■ Work instructions ■
The whole listing must be returned exactly, with no line missing.

■ Record set ■
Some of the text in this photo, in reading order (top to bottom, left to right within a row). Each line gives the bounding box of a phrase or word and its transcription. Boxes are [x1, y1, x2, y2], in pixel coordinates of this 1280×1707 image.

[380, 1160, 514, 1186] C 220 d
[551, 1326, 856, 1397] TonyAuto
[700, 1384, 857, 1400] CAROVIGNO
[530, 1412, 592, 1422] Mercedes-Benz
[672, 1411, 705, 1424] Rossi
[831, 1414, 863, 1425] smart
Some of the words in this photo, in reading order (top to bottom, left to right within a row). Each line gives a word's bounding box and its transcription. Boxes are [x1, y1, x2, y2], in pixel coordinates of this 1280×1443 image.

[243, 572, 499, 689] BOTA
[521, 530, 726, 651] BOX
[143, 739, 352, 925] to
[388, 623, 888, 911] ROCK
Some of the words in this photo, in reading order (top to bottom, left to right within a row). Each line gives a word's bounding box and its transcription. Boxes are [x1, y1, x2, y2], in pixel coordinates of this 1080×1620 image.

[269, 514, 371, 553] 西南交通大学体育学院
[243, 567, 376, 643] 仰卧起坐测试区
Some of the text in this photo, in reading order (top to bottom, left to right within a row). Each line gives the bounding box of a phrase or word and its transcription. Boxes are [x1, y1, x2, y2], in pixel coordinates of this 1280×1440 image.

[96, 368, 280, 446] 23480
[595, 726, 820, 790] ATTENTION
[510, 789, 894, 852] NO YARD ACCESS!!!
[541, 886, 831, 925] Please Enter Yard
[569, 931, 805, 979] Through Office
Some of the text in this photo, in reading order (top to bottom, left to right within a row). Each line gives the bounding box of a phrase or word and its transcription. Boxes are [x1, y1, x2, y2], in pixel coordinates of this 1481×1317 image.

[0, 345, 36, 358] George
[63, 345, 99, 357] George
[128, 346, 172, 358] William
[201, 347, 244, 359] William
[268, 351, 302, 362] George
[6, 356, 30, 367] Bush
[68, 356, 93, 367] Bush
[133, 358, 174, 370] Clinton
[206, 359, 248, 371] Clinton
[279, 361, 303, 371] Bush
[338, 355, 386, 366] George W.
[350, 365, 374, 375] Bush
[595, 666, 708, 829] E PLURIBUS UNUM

■ Output of the exercise ■
Some of the text in this photo, in reading order (top to bottom, left to right within a row). Each line gives the bounding box of a phrase or word and its transcription. Boxes are [x1, y1, x2, y2], in pixel coordinates of this 1280×1707 image.

[380, 1160, 514, 1186] C 220 d
[551, 1326, 856, 1397] TonyAuto
[700, 1384, 857, 1400] CAROVIGNO
[530, 1412, 592, 1422] Mercedes-Benz
[672, 1411, 705, 1424] Rossi
[831, 1414, 863, 1425] smart
Some of the words in this photo, in reading order (top to bottom, left to right within a row). Each line gives a word's bounding box and its transcription. Boxes are [x1, y1, x2, y2], in pixel coordinates of this 1280×1443 image.

[243, 572, 499, 689] BOTA
[521, 530, 726, 651] BOX
[143, 739, 352, 925] to
[388, 623, 888, 911] ROCK
Some of the words in this photo, in reading order (top to bottom, left to right within a row). Each line gives a word's bounding box and its transcription. Boxes are [x1, y1, x2, y2], in pixel coordinates of this 1080×1620 image.

[269, 514, 371, 553] 西南交通大学体育学院
[243, 567, 376, 643] 仰卧起坐测试区
Some of the text in this photo, in reading order (top to bottom, left to right within a row). Each line gives the bounding box of a phrase or word and its transcription. Boxes are [x1, y1, x2, y2], in pixel coordinates of this 1280×1440 image.

[96, 368, 280, 446] 23480
[595, 726, 820, 790] ATTENTION
[510, 789, 894, 852] NO YARD ACCESS!!!
[541, 886, 831, 925] Please Enter Yard
[569, 931, 805, 979] Through Office
Some of the text in this photo, in reading order (top to bottom, left to right within a row). Each line gives the bounding box of a phrase or word and its transcription. Boxes are [x1, y1, x2, y2], in pixel coordinates of this 1481×1317 image.

[0, 345, 36, 358] George
[63, 345, 99, 357] George
[128, 346, 172, 358] William
[201, 347, 244, 359] William
[268, 351, 302, 362] George
[6, 356, 30, 367] Bush
[68, 356, 93, 367] Bush
[133, 358, 174, 370] Clinton
[206, 359, 248, 371] Clinton
[279, 361, 303, 371] Bush
[338, 355, 386, 366] George W.
[350, 365, 374, 375] Bush
[595, 666, 708, 829] E PLURIBUS UNUM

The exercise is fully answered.